Just when I thought my experimentation was beginning to lead somewhere LOCKDOWN happened! No access to the knitting machines, no access to the laser cutter, no access to the photography store or studios. So........what to do now? In rethinking my plans, I realised that this would have major implications for my research, not only because of lack of access to the uni facilities, but especially because the nature of installation is experiential. I had planned to have an installation set up for visitors to gather feedback through questionnaires by mid-June which would give me time to analyse and produce a report. But now I wouldn't have access to a gallery space/photography studio or even more crucially - visitors.
How could I construct a photographic space? Gazebo in the garden? Too weather dependent. After much thought, I decided to use my son's empty bedroom as a studio/photographic space where I could hang my work and photograph/video it. But I had to decorate it first. The Iron Man mural I'd painted for my son had to go because I needed the space to be a white cube.
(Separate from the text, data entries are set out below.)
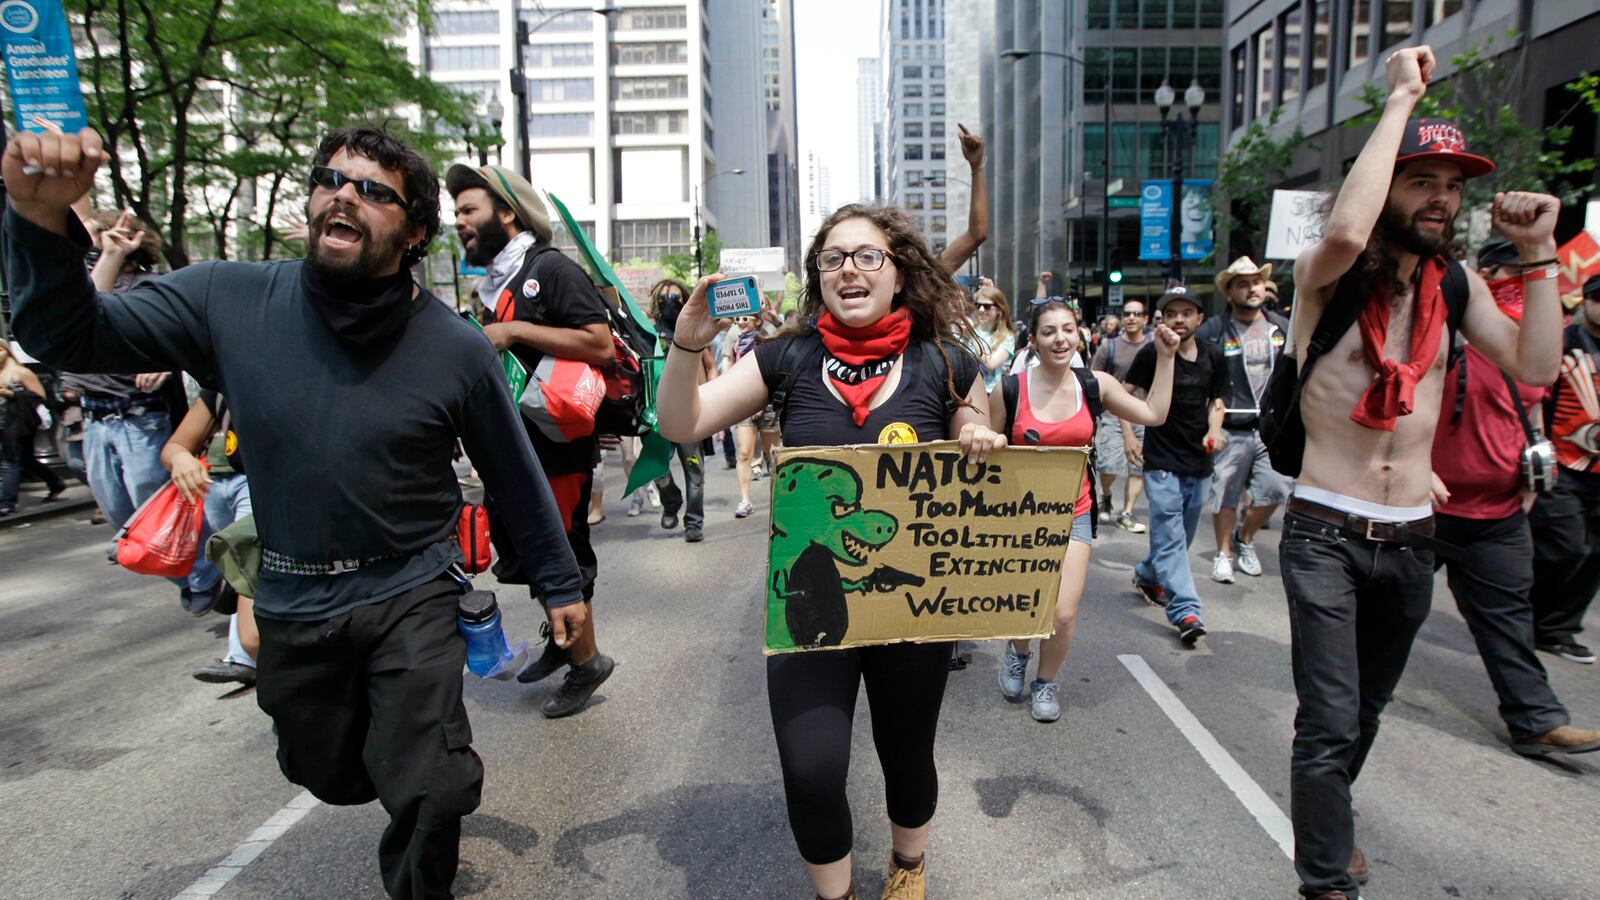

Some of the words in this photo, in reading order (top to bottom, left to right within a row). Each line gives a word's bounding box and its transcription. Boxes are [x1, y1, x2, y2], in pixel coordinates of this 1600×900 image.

[6, 42, 47, 54] Annual
[12, 67, 69, 80] Luncheon
[716, 289, 737, 298] TAPPED
[738, 288, 744, 296] IS
[716, 304, 734, 312] PHONE
[735, 302, 749, 310] THIS
[876, 451, 1002, 493] NATO:
[1019, 490, 1073, 516] ARMOR
[960, 525, 1034, 549] LITTLE
[929, 552, 1061, 577] EXTINCTION
[904, 586, 1040, 618] WELCOME!
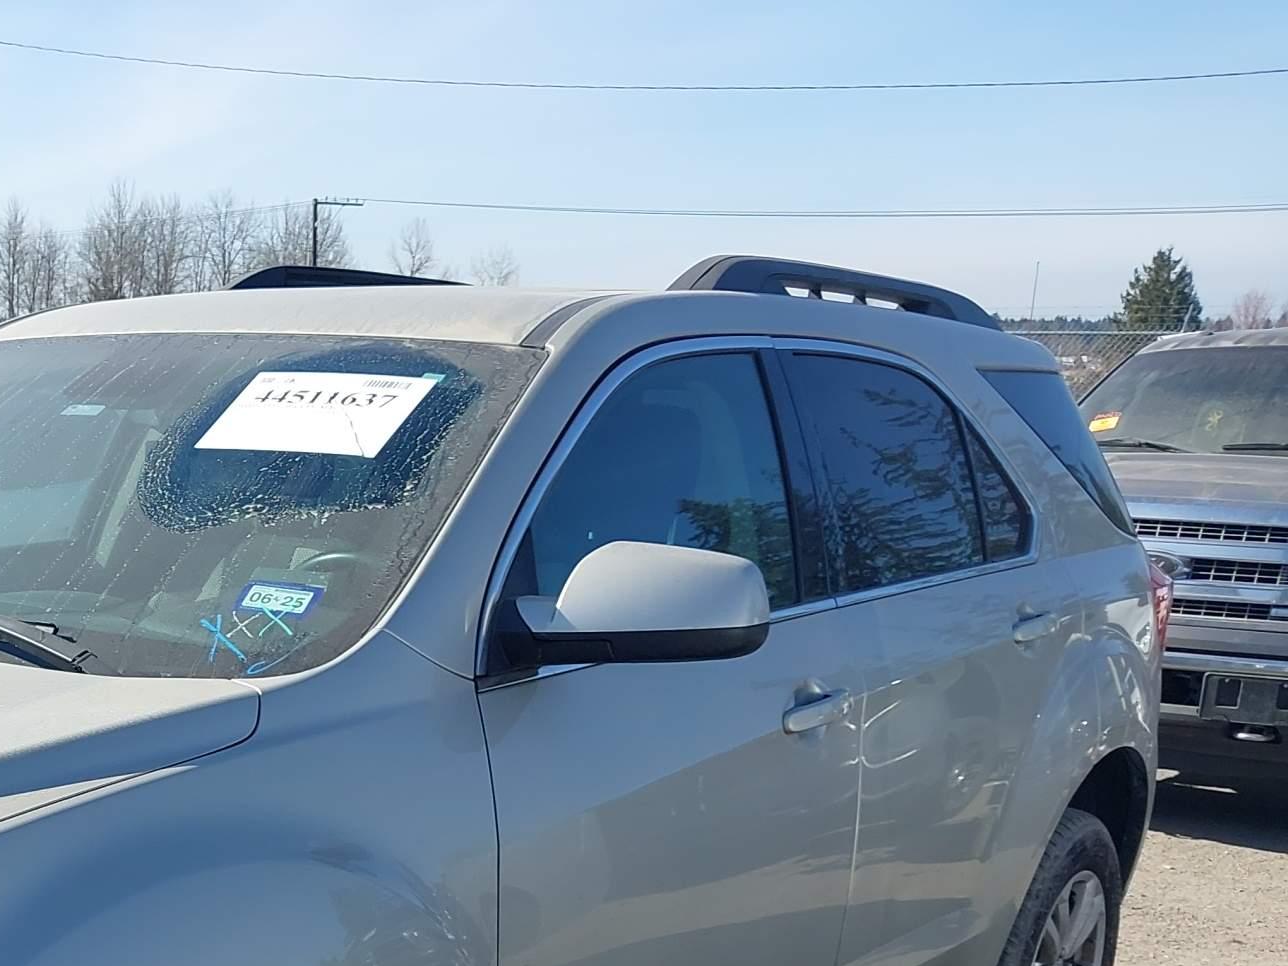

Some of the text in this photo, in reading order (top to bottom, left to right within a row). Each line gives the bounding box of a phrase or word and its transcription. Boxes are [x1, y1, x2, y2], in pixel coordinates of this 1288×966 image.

[255, 389, 400, 408] 44511637
[249, 591, 275, 605] 06
[280, 595, 307, 609] 25
As my thoughts began to adjust to the new reality, I began to wonder if it might be possible to create a Virtual Reality (VR) experience of the installation. I could send the video out to people and they could either watch it on their laptops or on a VR headset. This would give a very approximate idea of how they might have been able to experience the installation if they'd been able to visit in person. I remembered that in April 2019 I had visited a few exhibitions in London, one of which was at the Saatchi Gallery called 'Ocean of Air' by the collective Marshmallow Laser Feast https://www.marshmallowlaserfeast.com/experiences/ocean-of-air/ It was an immersive installation using VR technology combined with body and breath sensors. It was mind-blowing. The technology enabled the visitor to feel part of the plant and animal world - experiencing how water vapour droplets move through the air, collect to form water which is then sucked up into a giant sequoia tree. The visitor flows with the water into the tree roots, up the trunk and out through the leaves. Of course, I wouldn't be able to produce anything like this on my own, but it reminded me that VR could be a useful alternative to experiencing the installation first hand. I started to research what would be needed in order to do this (see later blog post).
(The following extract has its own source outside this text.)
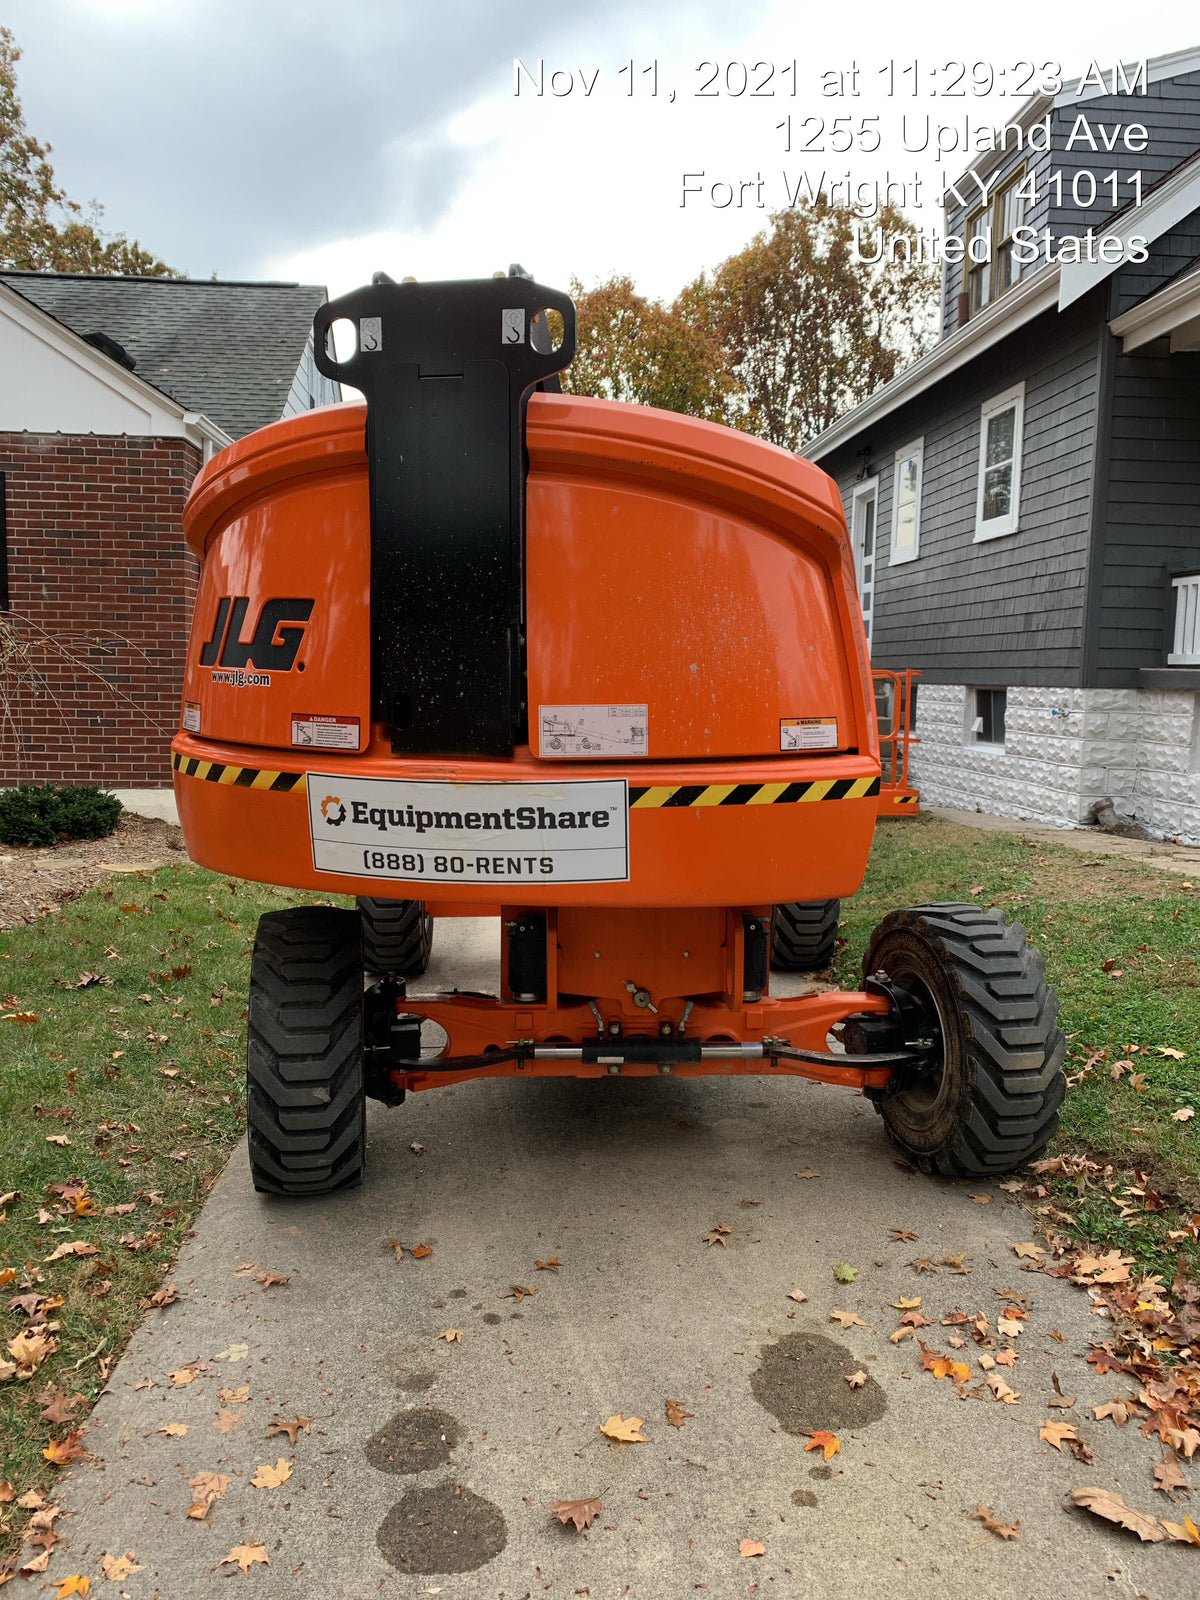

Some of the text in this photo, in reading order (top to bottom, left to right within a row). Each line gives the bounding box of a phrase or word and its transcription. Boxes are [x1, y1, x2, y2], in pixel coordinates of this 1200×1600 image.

[201, 597, 316, 671] JLG
[211, 671, 271, 686] www.jlg.com
[363, 850, 554, 875] (888) 80-RENTS
The implications for the progress of the knit research were also quite drastic. One of the many advantages of using a knitting machine is that the work grows fairly quickly and I wasn't sure if I'd be able to produce anything interesting in the remaining time (plus, my hand knitting skills are pretty rudimentary). I went back to a monograph I had borrowed from my tutor about the Japanese artist Machiko Agano who uses stainless steel wire, fishing line and paper pulp to produce ethereal, web-like sheets of knit up to 4m wide using hand knitting techniques.
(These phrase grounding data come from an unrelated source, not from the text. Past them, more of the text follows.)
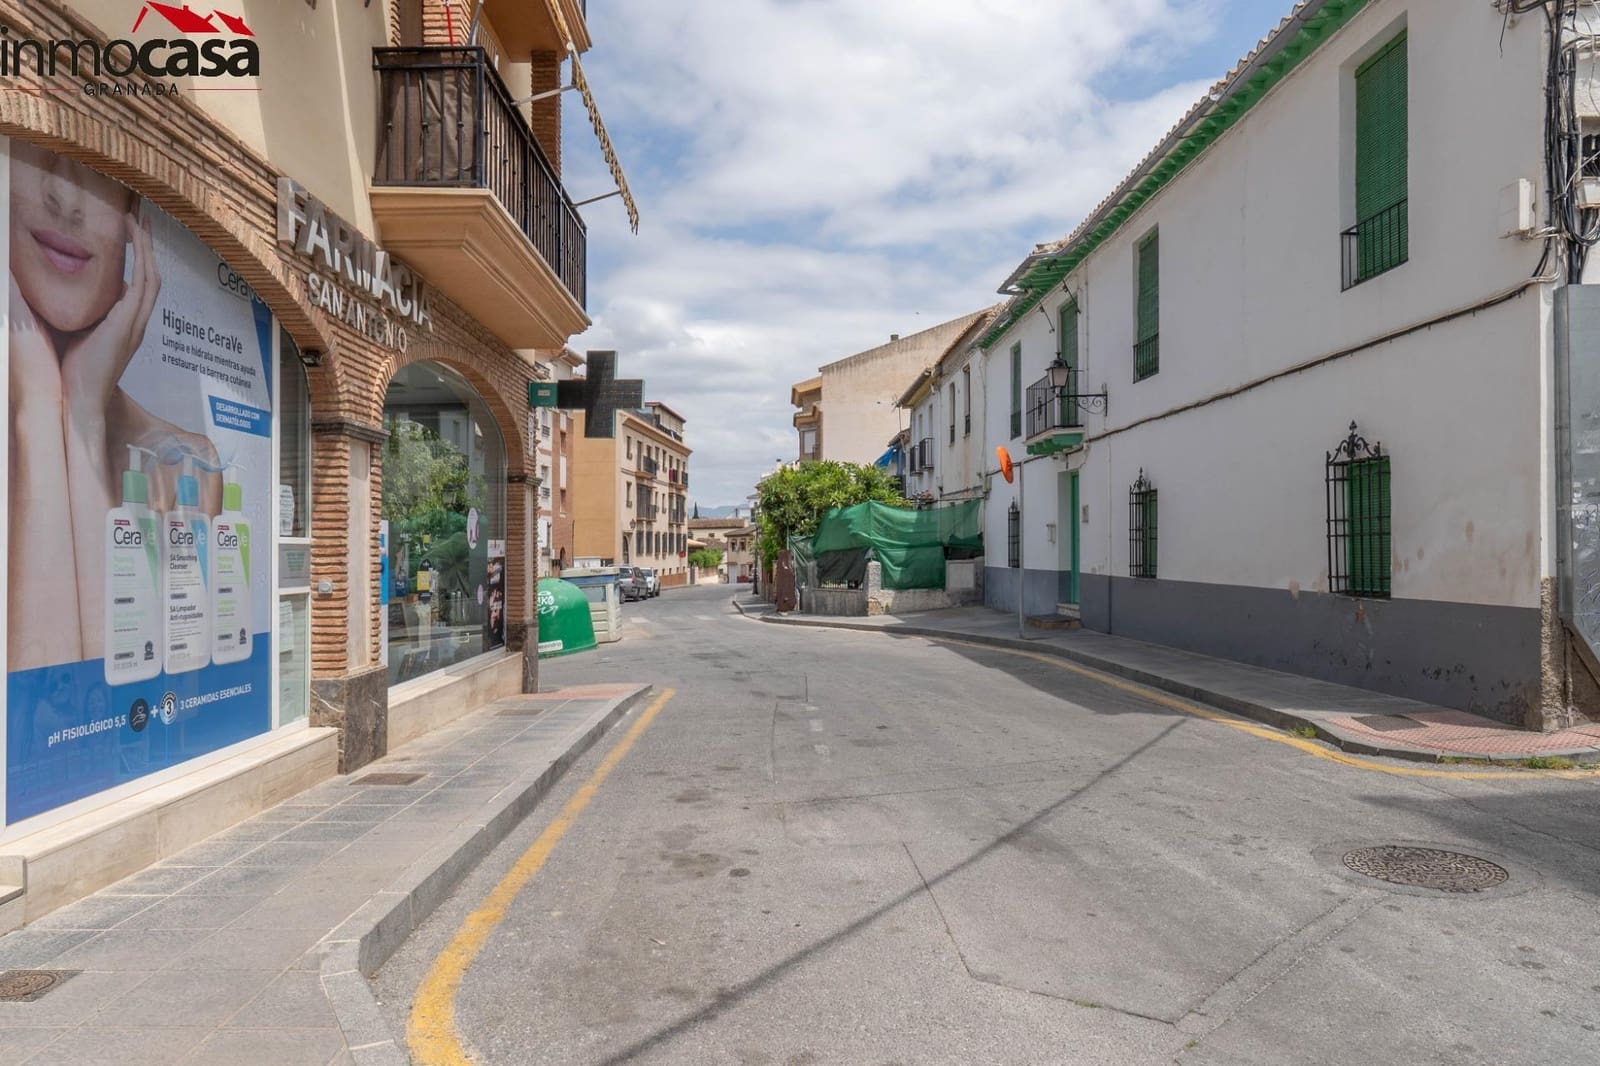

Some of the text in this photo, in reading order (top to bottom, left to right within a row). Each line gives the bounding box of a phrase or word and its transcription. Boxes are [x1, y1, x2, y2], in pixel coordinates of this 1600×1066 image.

[277, 176, 433, 333] FARMACIA
[163, 308, 243, 354] Higiene CeraVe
[308, 272, 407, 353] SAN ANTONIO
[162, 334, 256, 376] Limpia e hidrata mientras ayuda
[162, 353, 167, 362] a
[168, 355, 198, 372] restaurar
[200, 363, 206, 375] la
[207, 365, 229, 382] barrera
[185, 691, 219, 709] CERAMIDAS
[220, 683, 252, 699] ESENCIALES
[48, 715, 127, 748] pH FISIOLÓGICO 5,5
Her work resonates with the intentions I have for my own work: transparency, the interplay of light and shadow, the intricacy of webs which point to the wonder of creation and elicit feelings of awe and wonder.
photo 1: Untitled from Fabrika Gallery's Textural Space Exhibition 2001 https://www.fabrica.org.uk/textural-space
photo 3: from http://www.fourthdoor.org/pdfs/
She obviously uses very large diameter long needles to get such an open structure into her work. So after an experiment with 15mm needles which didn't produce a large enough stitch, I decided I would try knitting with wooden broomhandles.
In the end, the long handles were too unwieldy and heavy to work with, so I chopped them down to about 60cm long which meant I could sit in front of the TV and knit.
I was beginning to feel that the reset was taking shape and I felt more optimistic about continuing with my research.